Neurodegenerative conditions such as Parkinson disease, Alzheimer disease, motor neuron disease, and multiple sclerosis are a form of neurological condition affecting more than 3 billion people worldwide [1]. With a growing and aging population, the prevalence of neurodegenerative conditions is expected to continue to rise [2]. Neurodegenerative conditions refer to a collection of conditions that are primarily characterized by neuron dysfunction and loss [2]. An important feature of many neurodegenerative conditions is the involvement of proteins with altered physicochemical properties, commonly referred to as misfolded proteins [3], resulting in altered function and/or intracellular or extracellular accumulation of the proteins [2].

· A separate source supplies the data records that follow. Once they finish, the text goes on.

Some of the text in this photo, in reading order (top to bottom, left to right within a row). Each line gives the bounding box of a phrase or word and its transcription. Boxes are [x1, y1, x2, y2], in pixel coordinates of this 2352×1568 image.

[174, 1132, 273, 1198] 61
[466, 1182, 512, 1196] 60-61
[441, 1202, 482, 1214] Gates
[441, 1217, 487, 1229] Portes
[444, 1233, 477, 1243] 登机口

Treating these conditions is challenging, as relatively little is known about their etiology and pathophysiology [4]. Therefore, therapeutic interventions typically focus on the management of symptoms or reducing the impact of impairments rather than on disease progression [5]. Nevertheless, there is some evidence showing that the development of some neurodegenerative conditions is a direct or indirect result of modifiable risk factors [6]. Some of these risk factors include diabetes, hypertension, obesity, depression, and physical inactivity [6]. Exercise is a modality that has been shown to have significant favorable effects on all of these modifiable risk factors [6]. Exercise is also a well-established method of positively influencing brain cognition, neurogenesis, and plasticity [7]. However, there are significant barriers to exercise in neurodegenerative populations that lead to poor long-term exercise adherence [8,9]. Barriers include low outcome expectation, fear of falling, functional or physiological impairment, and lack of time [8,9]. Therefore, alternative/adjunct therapies are warranted that may overcome the barriers to exercise while still providing similar benefit.

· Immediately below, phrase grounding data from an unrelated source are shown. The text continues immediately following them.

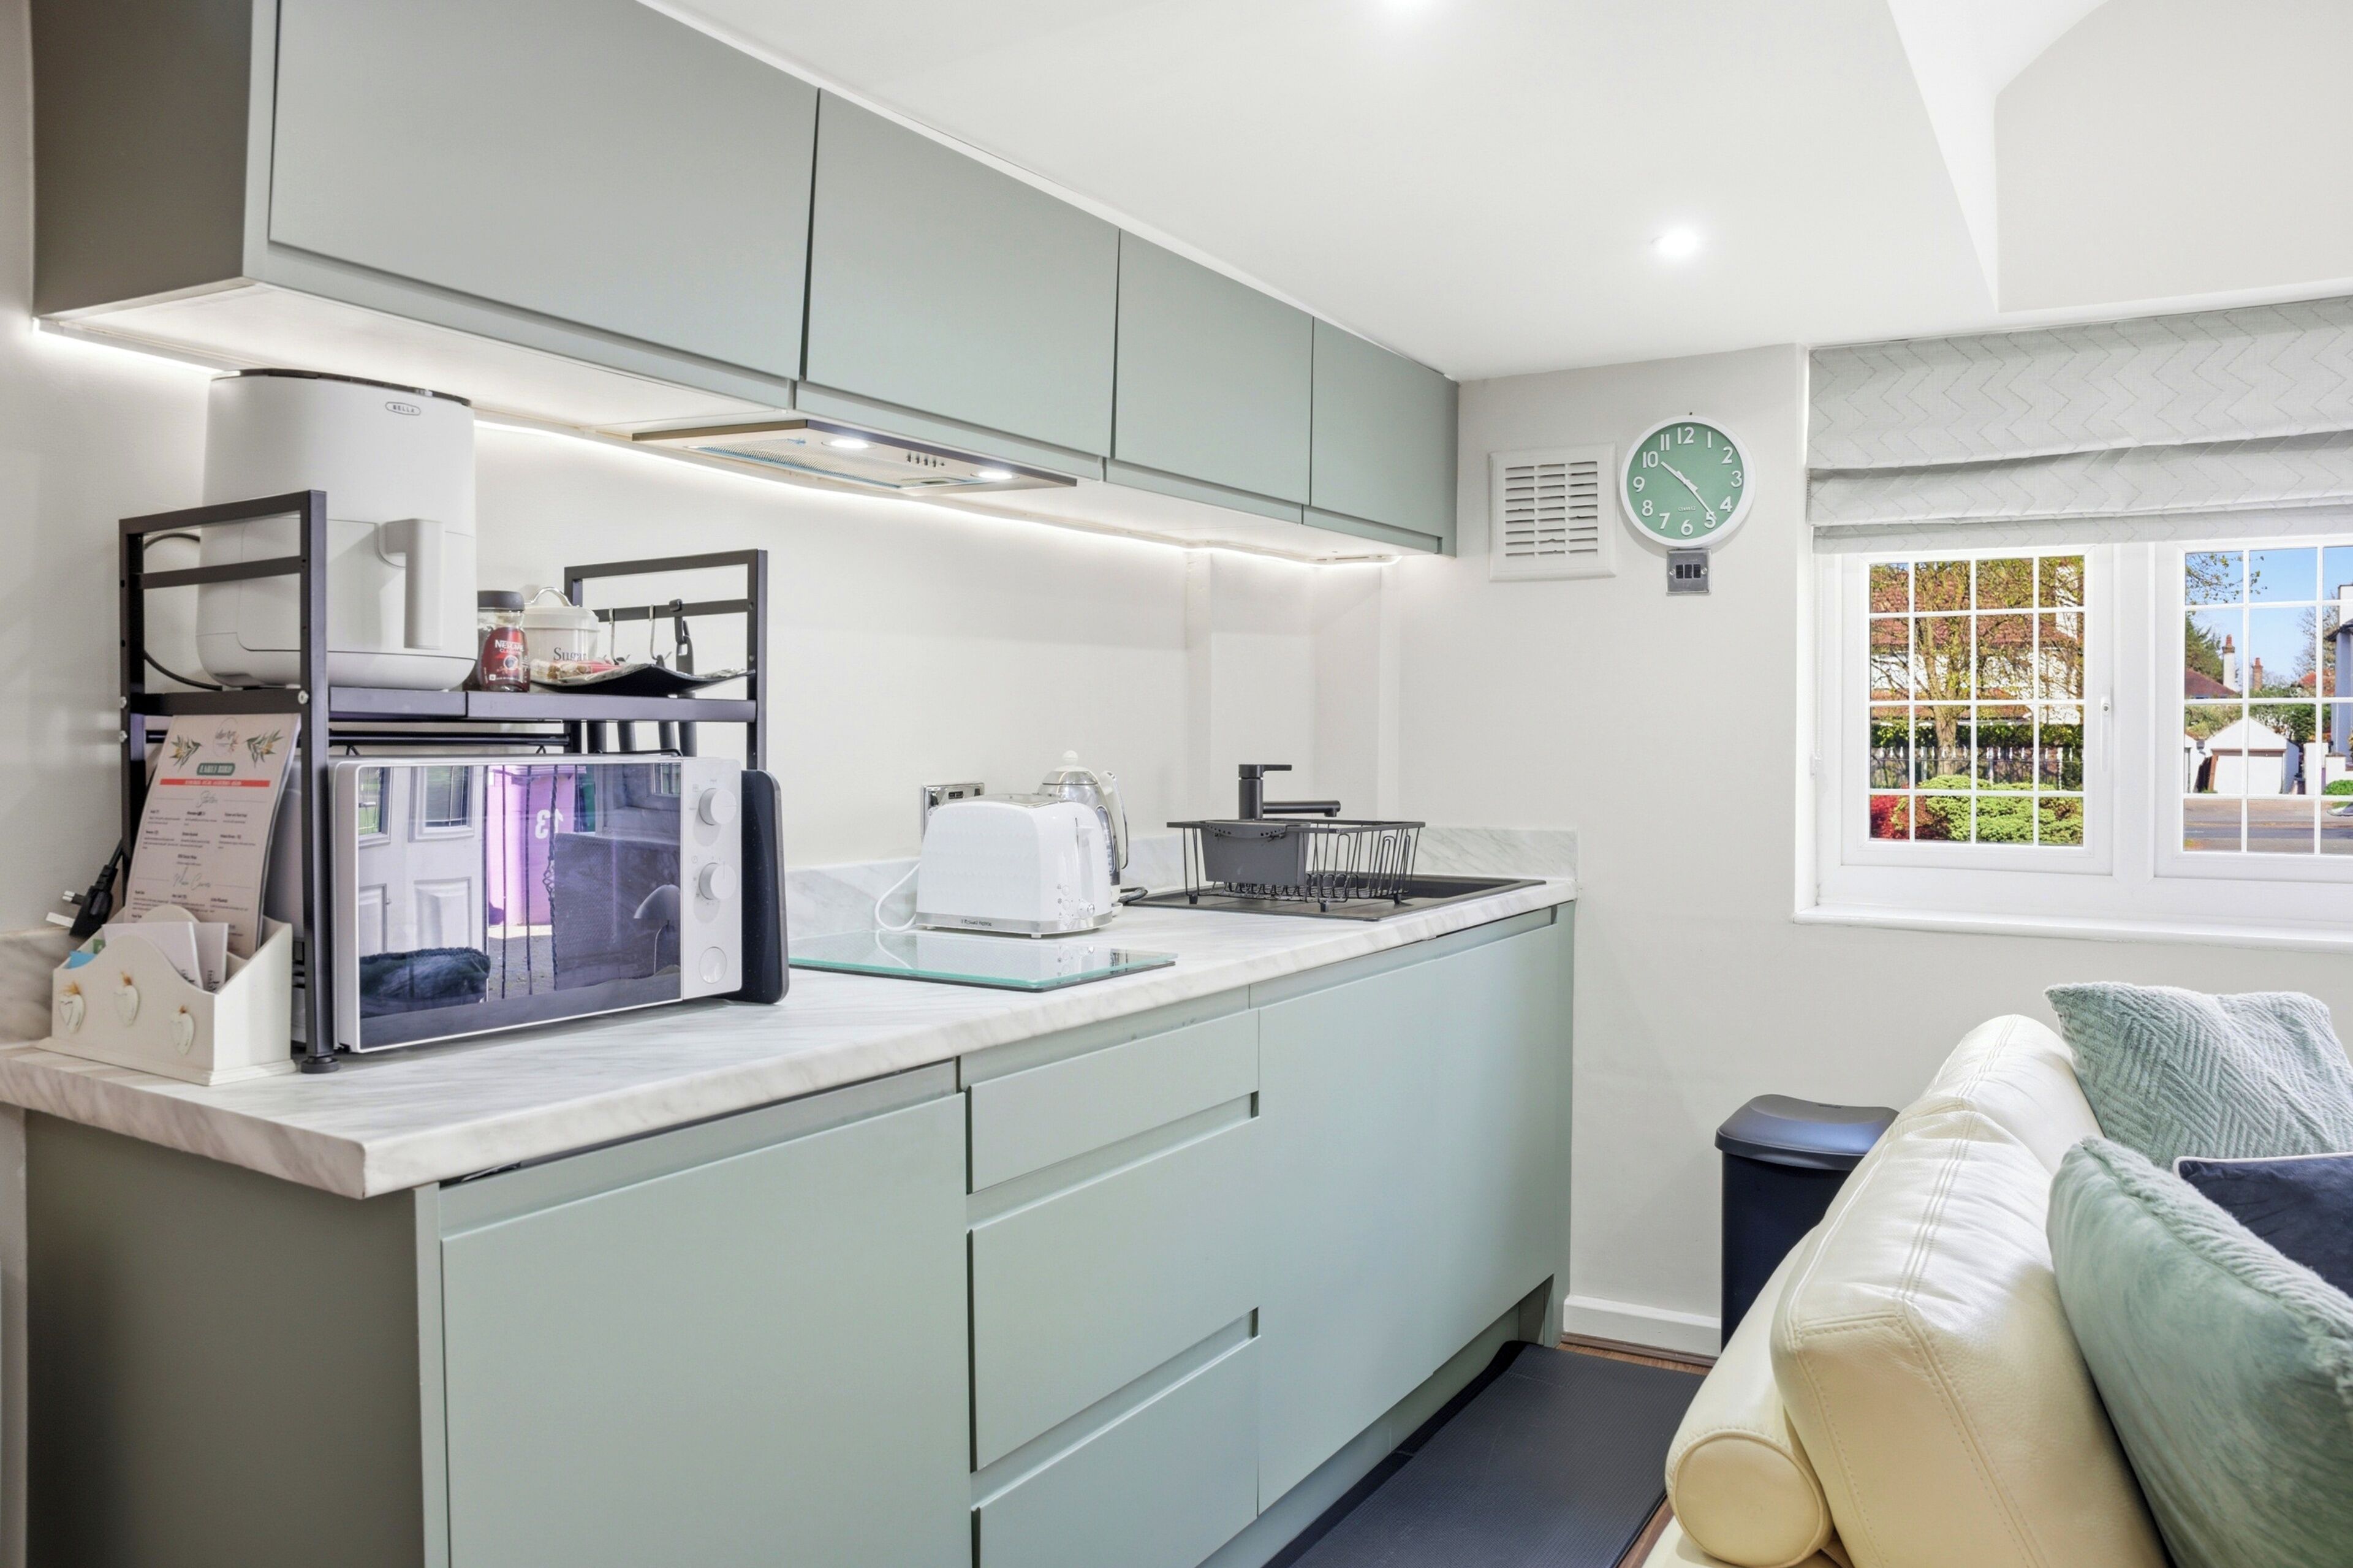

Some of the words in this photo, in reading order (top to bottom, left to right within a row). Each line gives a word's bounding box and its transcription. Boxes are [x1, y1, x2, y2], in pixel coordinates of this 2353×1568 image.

[1661, 434, 1670, 451] 11
[1677, 426, 1694, 444] 12
[1707, 431, 1711, 449] 1
[1643, 450, 1659, 468] 10
[1721, 446, 1733, 464] 2
[1633, 476, 1645, 493] 9
[1730, 471, 1743, 488] 3
[1642, 499, 1653, 517] 8
[1719, 496, 1733, 512] 4
[1659, 512, 1670, 529] 7
[1681, 519, 1693, 536] 6
[1703, 511, 1716, 529] 5
[553, 647, 586, 662] Sugar

Blood transfusion of plasma from young (young plasma) or athletic (exercised plasma) individuals is emerging as a potential therapy to alleviate symptoms and potentially progression of some neurodegenerative conditions [6,10,11]. Young plasma transfusions have been shown to be safe and well tolerated in both humans and animals, with minimal adverse events or reactions [12-14]. A study in a mice model has demonstrated that young plasma transfusions can reverse some of the various age-related changes in the mouse brain, including, but not limited to, hippocampal neurogenesis and improved cognition [15]. Similar findings have been reported in clinical human studies with young plasma or therapeutic plasma exchange [16]. Specifically in humans, platelet-rich plasma infusions have been shown to reduce neuroinflammatory compounds, including tumor necrosis factor-α, which has a systemic anti-inflammatory effect [12,17].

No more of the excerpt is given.